In order to meet current building regulations, home builders will need to gain a ‘pass’ on their SAP Calculations. Without it, building control will not sign off the development and the property cannot be let or marketed for sale.
But there are other reasons to care about SAP. A SAP assessor can help the designer or architect to shape the energy profile of a new dwelling – minimising its energy use and carbon emissions.
The effect of different construction types, heating systems and technologies can be accurately measured and in turn delivered on the ground.
Another key point is that the SAP rating broadcasts the energy performance of the property, and in turn informs the Energy Performance Certificate (EPC) which all buyers and tenants see.
A ‘pass’ is gained by meeting several compliance targets around:
- How well the fabric of the dwelling contains heat
- Solar gain
- Quality of construction and commissioning of systems
- Predicted CO2 emissions from the dwelling
Emissions are King
The headline emissions target is achieved using the DER/TER figures. CO2 emissions are measured by comparing a Target Emission Rate (TER) against the predicted Dwelling Emission Rate (DER).
This target rate is set within the SAP calculations by reference to a notional dwelling of the same size and shape, using a set of baseline values.
Importantly, these CO2 figures are now increasingly used by planners and councils to drive other objectives – from meeting sustainability targets and local renewable energy policy to determining 106 – type community contributions.
Fabric Energy Efficiency
Homes built after April 2014 in England are also assessed on Fabric Energy Efficiency. This is not a measure of carbon, but energy demand in units of kilowatt-hours per m2 per year. How well a home retains the heat it produces will have an impact on its CO2 emissions as well as being assessed separately to gauge compliance.
Fabric Energy Efficiency is assessed using DFEE/TFEE figures. As with emissions the target is set within SAP using a set of baseline values depending on the size of the property.
A SAP Assessor will work from architects plans and construction detail, together with a full HVAC (heating, ventilation and air conditioning) specification. For this reason drawings need to be scaled, accurate and show all elevations, sections, floor and site plans.
The assessor will scale off of these plans either electronically or by hand to create a model of the dwelling(s) in SAP software.
Once the site form is established, the heating, lighting and ventilation systems are added – specific products will be picked from manufacturer databases where they are known.
All thermal elements (walls , floors, roofs and openings) are added in detail together with all calculations for thermal junctions.

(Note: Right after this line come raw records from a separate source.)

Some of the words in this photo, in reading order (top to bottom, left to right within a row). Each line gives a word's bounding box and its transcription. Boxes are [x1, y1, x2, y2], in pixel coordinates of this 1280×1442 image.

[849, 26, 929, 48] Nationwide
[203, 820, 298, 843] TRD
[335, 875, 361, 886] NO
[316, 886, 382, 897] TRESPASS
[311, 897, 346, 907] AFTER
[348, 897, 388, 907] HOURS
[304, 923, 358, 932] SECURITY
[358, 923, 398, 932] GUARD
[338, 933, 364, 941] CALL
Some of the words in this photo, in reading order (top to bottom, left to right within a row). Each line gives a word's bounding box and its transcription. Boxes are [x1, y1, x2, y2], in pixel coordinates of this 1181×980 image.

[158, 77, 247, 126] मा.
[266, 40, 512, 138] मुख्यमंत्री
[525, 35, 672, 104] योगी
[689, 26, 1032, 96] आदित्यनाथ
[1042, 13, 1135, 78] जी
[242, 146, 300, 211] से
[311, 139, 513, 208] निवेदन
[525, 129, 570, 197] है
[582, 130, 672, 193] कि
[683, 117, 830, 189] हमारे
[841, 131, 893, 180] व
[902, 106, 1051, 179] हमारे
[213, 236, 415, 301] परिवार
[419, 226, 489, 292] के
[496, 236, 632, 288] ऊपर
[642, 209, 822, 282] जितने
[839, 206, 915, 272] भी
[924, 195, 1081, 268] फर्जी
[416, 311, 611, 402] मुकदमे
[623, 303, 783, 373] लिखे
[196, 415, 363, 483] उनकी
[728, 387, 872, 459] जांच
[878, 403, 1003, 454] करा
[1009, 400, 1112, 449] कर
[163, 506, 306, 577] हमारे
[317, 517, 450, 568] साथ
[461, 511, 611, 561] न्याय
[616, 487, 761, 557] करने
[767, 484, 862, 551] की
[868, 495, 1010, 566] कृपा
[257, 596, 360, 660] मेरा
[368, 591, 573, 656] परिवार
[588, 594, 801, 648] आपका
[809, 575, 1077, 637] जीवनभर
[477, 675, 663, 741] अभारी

Any renewable technologies and cooling are also added.
Once complete, a SAP calculation is capable of producing a raft of detailed reporting outputs, from site form, heat losses and energy demand to seasonal variations, CO2 emissions and renewables contributions, to name just a few.
How Do I Make Sure of a Pass?
It’s fair to say that developers and architects didn’t pay much attention to SAP in the old days – but since the significant changes in 2005, SAP 2009 and again in 2014, complying with the SAP regulations and in turn Part L of the Building regs has become a whole lot tougher. Starting work without a design SAP now leads to a lot more hassle!
This is primarily because CO2 emissions targets have tightened enormously – driven as they are by European and UK climate policies. An average new build designed just 5 years age is highly unlike to pass the regulations today.
We are often asked to explain why some builds fail and some pass, and it isn’t always easy to give a straight answer. Numerous factors can play a part, from the size of a boiler to a junction in a wall, to the thickness of insulation in a floor, to which direction the house is pointing!
Some factors can be beyond the clients control – for example having no connection to mains gas could mean having to use an oil or LPG system. These fuels have higher cost and CO2 emissions factors within SAP, and as the Target Emission Rate is set based on a mains gas system, you take a hit.
We carry out SAP calcs every day – spanning single self builds through to 30 storey apartment blocks, so we have a good idea of what works and what does not.
If we ignore the wider climate change issues, resist technicalities, and assume we are not trying to produce a zero carbon house, we can tie down a few good principles which will give you a good chance of success:
1. Minimum u values are there to be beaten, not followed
If the fabric of the building is well insulated, you will not need fancy renewable technologies to get you through. Design as much insulation into the walls, floors and roofs as you possibly can.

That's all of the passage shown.